Only the lines from the one bearing "this 1707×1280 image." through the end of the entries should be output, exactly as they stand, and pictures should be skipped.

Source data below:

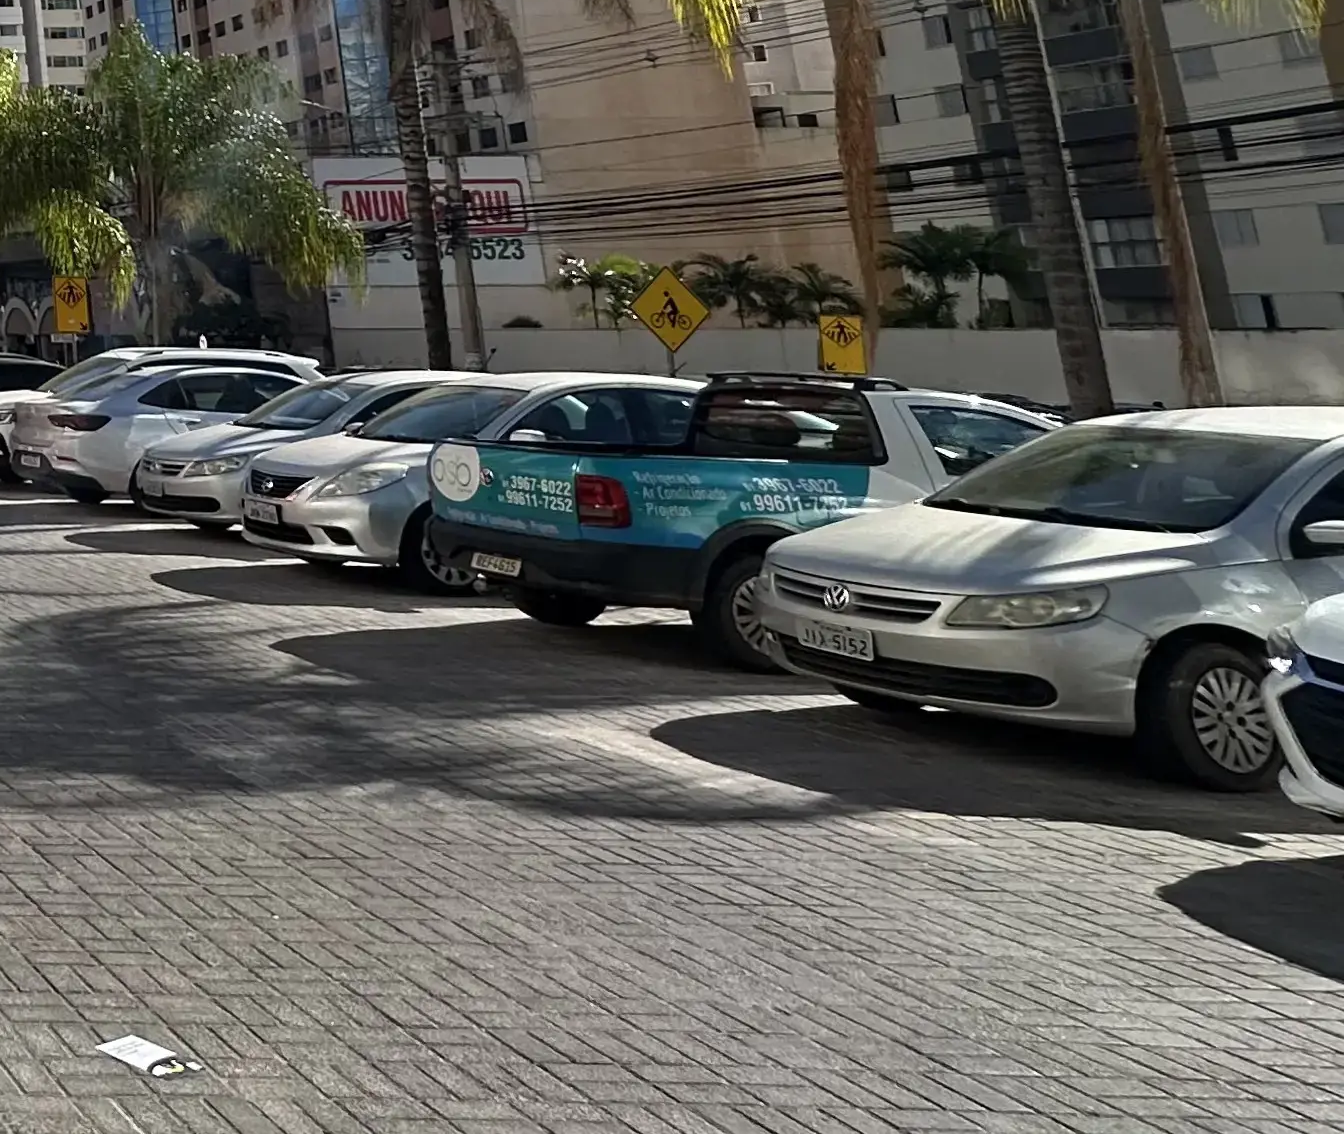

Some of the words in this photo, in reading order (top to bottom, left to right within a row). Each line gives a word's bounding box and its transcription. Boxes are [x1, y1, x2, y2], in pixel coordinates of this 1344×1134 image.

[510, 475, 572, 496] 3967-6022
[752, 477, 843, 495] 3967-6022
[505, 489, 574, 513] 99611-7252
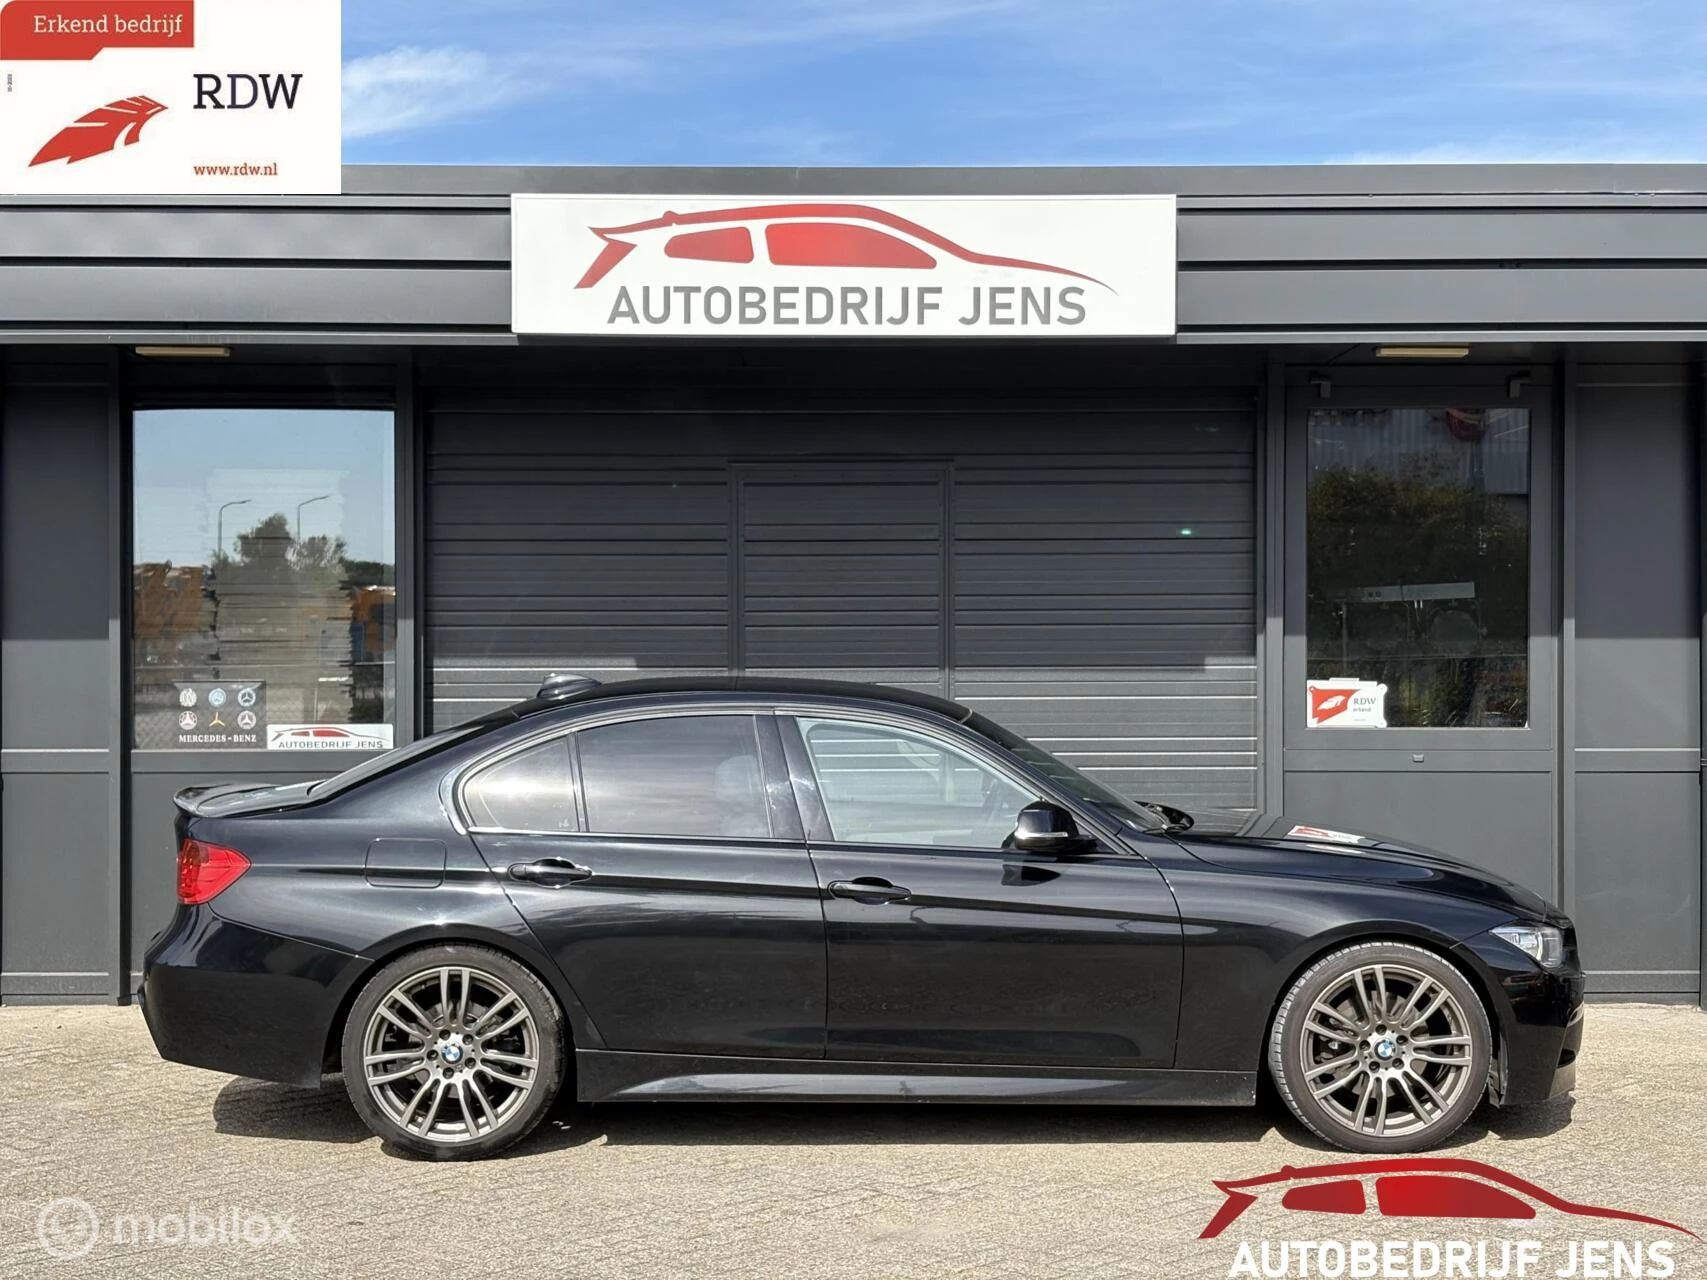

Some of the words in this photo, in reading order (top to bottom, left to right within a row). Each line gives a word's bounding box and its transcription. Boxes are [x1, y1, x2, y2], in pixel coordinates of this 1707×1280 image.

[607, 286, 943, 326] AUTOBEDRIJF
[958, 286, 1086, 326] JENS
[278, 740, 351, 749] AUTOBEDRIJF
[356, 740, 384, 749] JENS
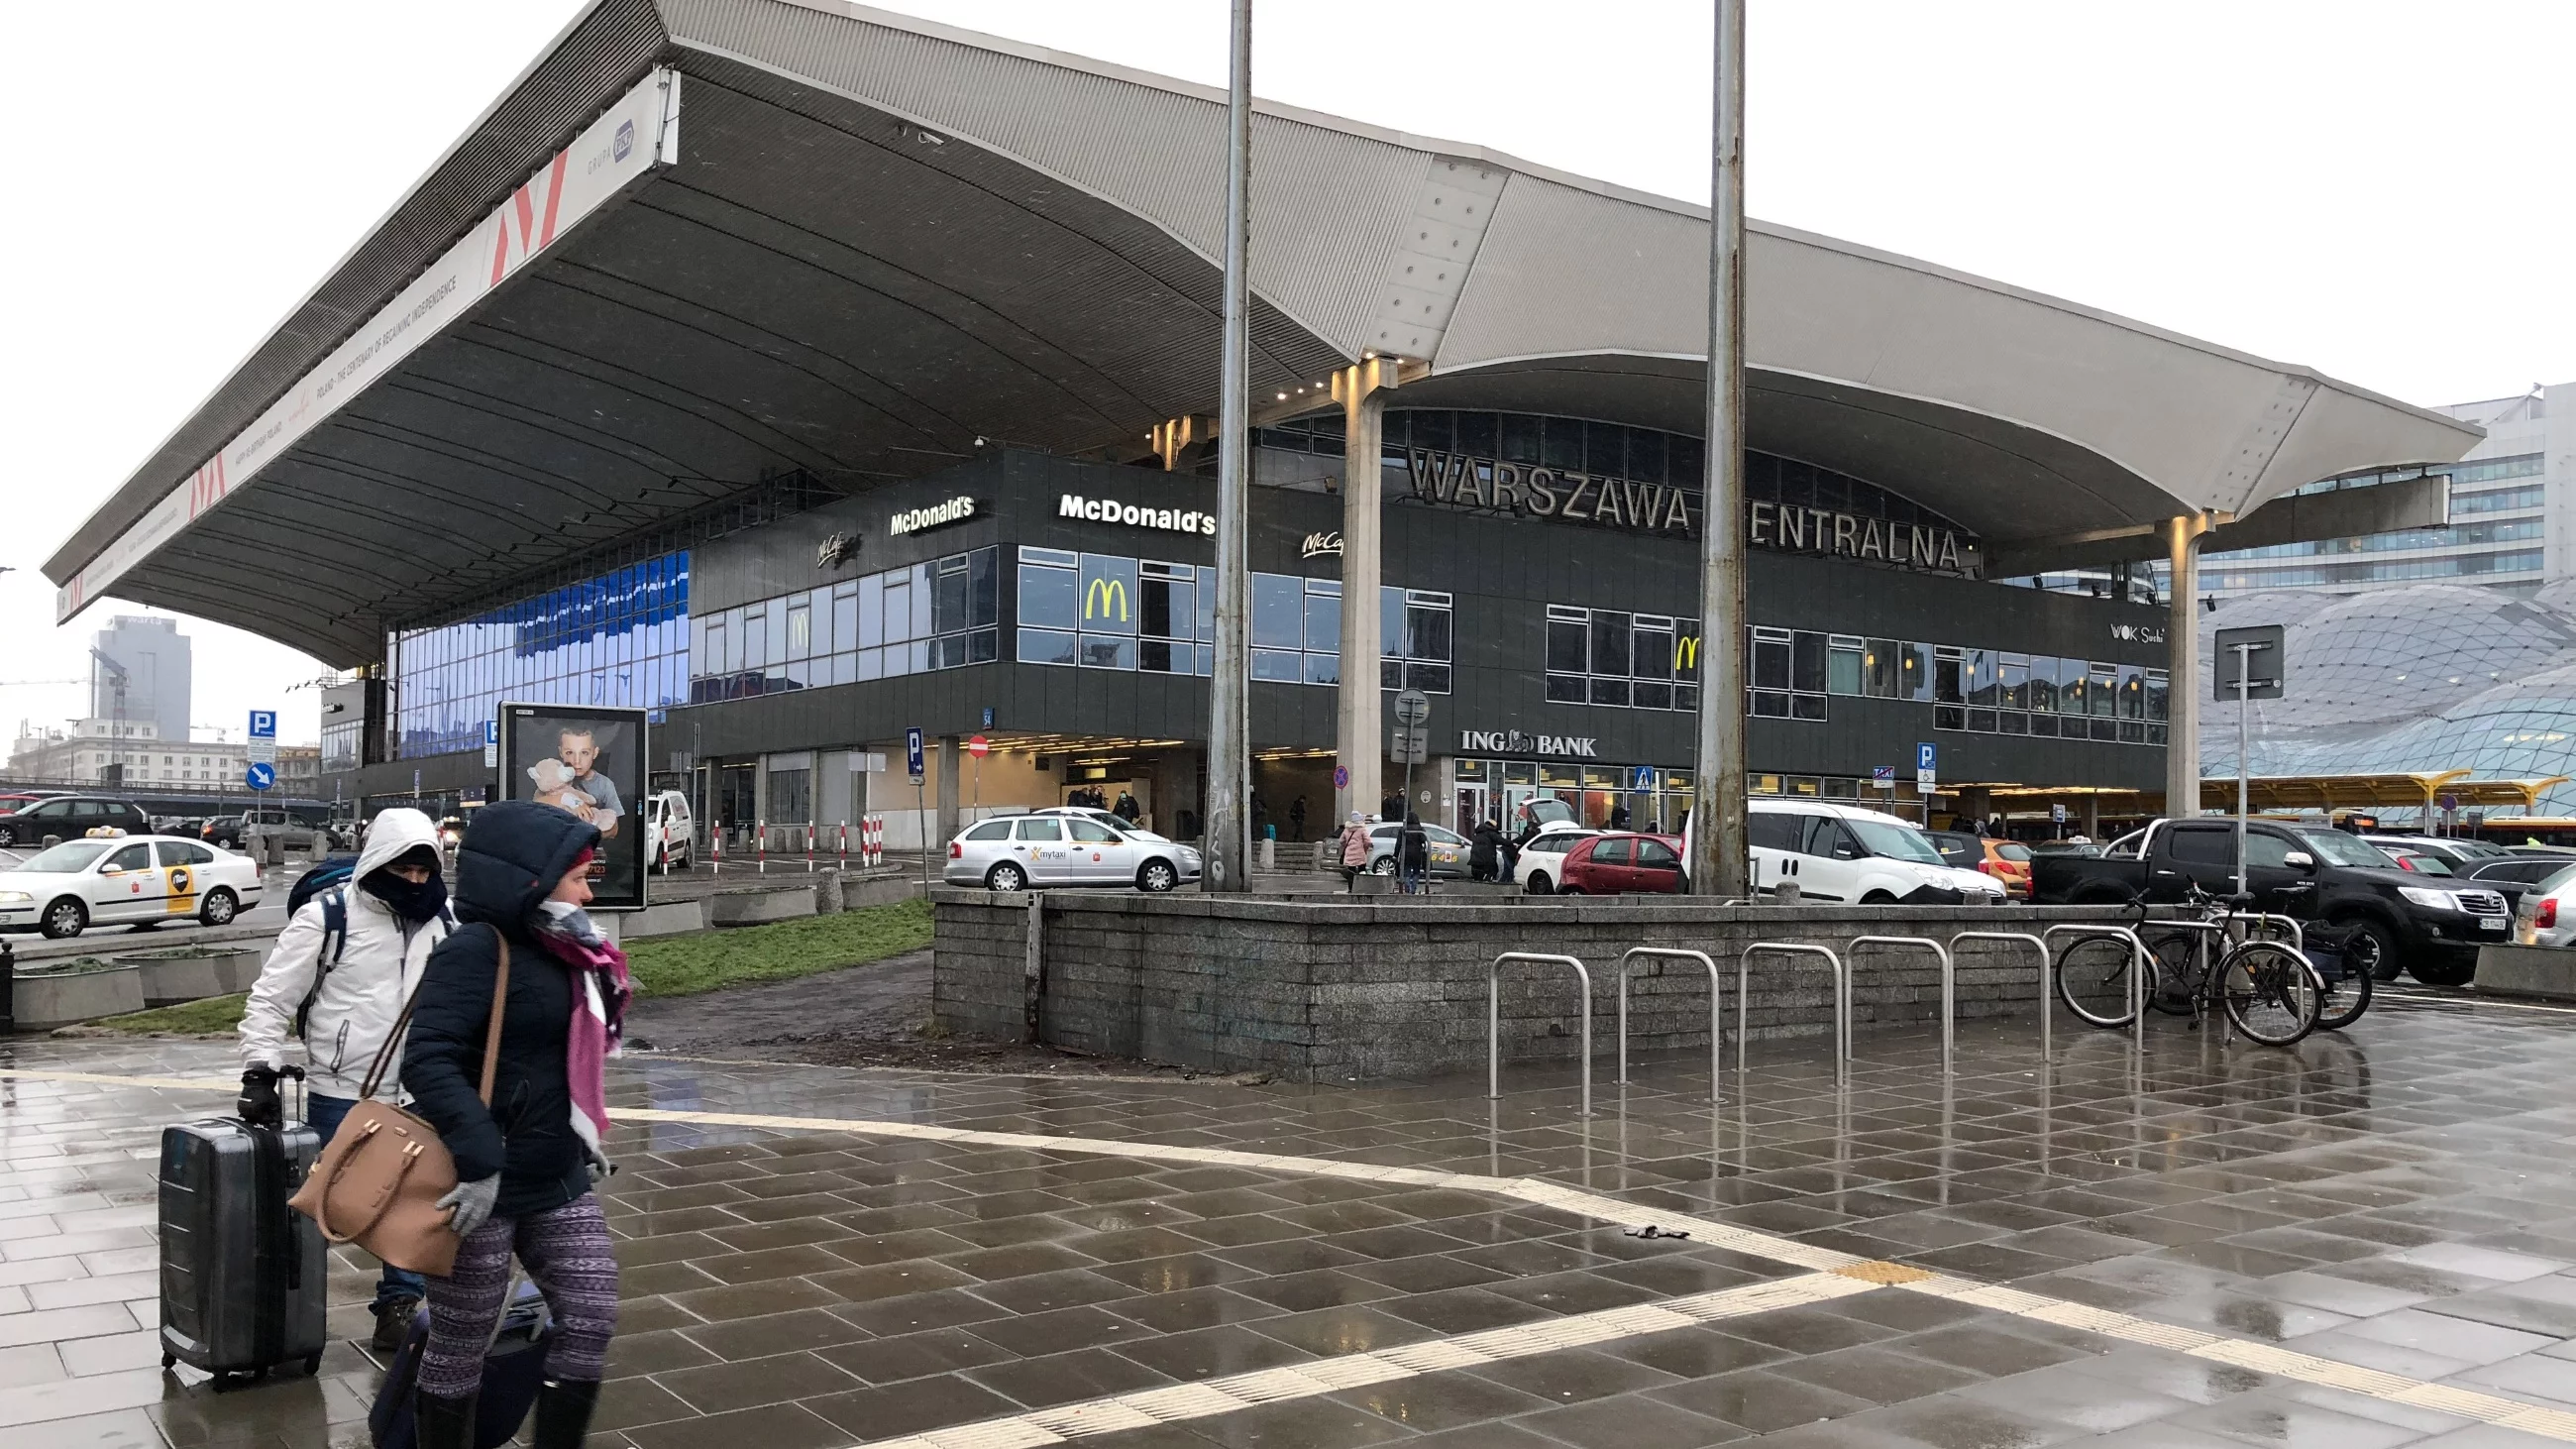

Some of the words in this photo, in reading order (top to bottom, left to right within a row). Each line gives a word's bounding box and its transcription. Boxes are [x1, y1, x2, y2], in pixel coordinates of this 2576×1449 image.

[589, 147, 610, 174] GRUPA
[615, 130, 632, 153] PKP
[347, 347, 374, 377] CENTENARY
[375, 337, 381, 353] OF
[382, 313, 410, 349] REGAINING
[411, 275, 456, 324] INDEPENDENCE
[1407, 447, 1689, 530] WARSZAWA
[891, 497, 974, 536] McDonald's
[1059, 495, 1216, 535] McDonald's
[1301, 531, 1343, 558] McCa
[1750, 502, 1960, 568] ENTRALNA
[2109, 623, 2138, 641] WOK
[2140, 626, 2165, 643] Sushi
[254, 713, 271, 733] P
[984, 715, 991, 725] 54
[909, 732, 920, 762] P
[1461, 730, 1506, 751] ING
[1537, 735, 1597, 757] BANK
[1921, 745, 1933, 767] P
[1874, 768, 1893, 778] TAXI
[1039, 849, 1066, 860] mytaxi

End of Source data.

Solved problem:
Some of the words in this photo, in reading order (top to bottom, left to right within a row). Each line gives a word's bounding box and its transcription. Boxes are [x1, y1, x2, y2], in pixel coordinates of this 1707×1280 image.

[607, 286, 943, 326] AUTOBEDRIJF
[958, 286, 1086, 326] JENS
[278, 740, 351, 749] AUTOBEDRIJF
[356, 740, 384, 749] JENS

Some of the words in this photo, in reading order (top to bottom, left to right within a row). Each line gives a word's bounding box and its transcription. Boxes are [x1, y1, x2, y2], in pixel coordinates of this 2576×1449 image.

[589, 147, 610, 174] GRUPA
[615, 130, 632, 153] PKP
[347, 347, 374, 377] CENTENARY
[375, 337, 381, 353] OF
[382, 313, 410, 349] REGAINING
[411, 275, 456, 324] INDEPENDENCE
[1407, 447, 1689, 530] WARSZAWA
[891, 497, 974, 536] McDonald's
[1059, 495, 1216, 535] McDonald's
[1301, 531, 1343, 558] McCa
[1750, 502, 1960, 568] ENTRALNA
[2109, 623, 2138, 641] WOK
[2140, 626, 2165, 643] Sushi
[254, 713, 271, 733] P
[984, 715, 991, 725] 54
[909, 732, 920, 762] P
[1461, 730, 1506, 751] ING
[1537, 735, 1597, 757] BANK
[1921, 745, 1933, 767] P
[1874, 768, 1893, 778] TAXI
[1039, 849, 1066, 860] mytaxi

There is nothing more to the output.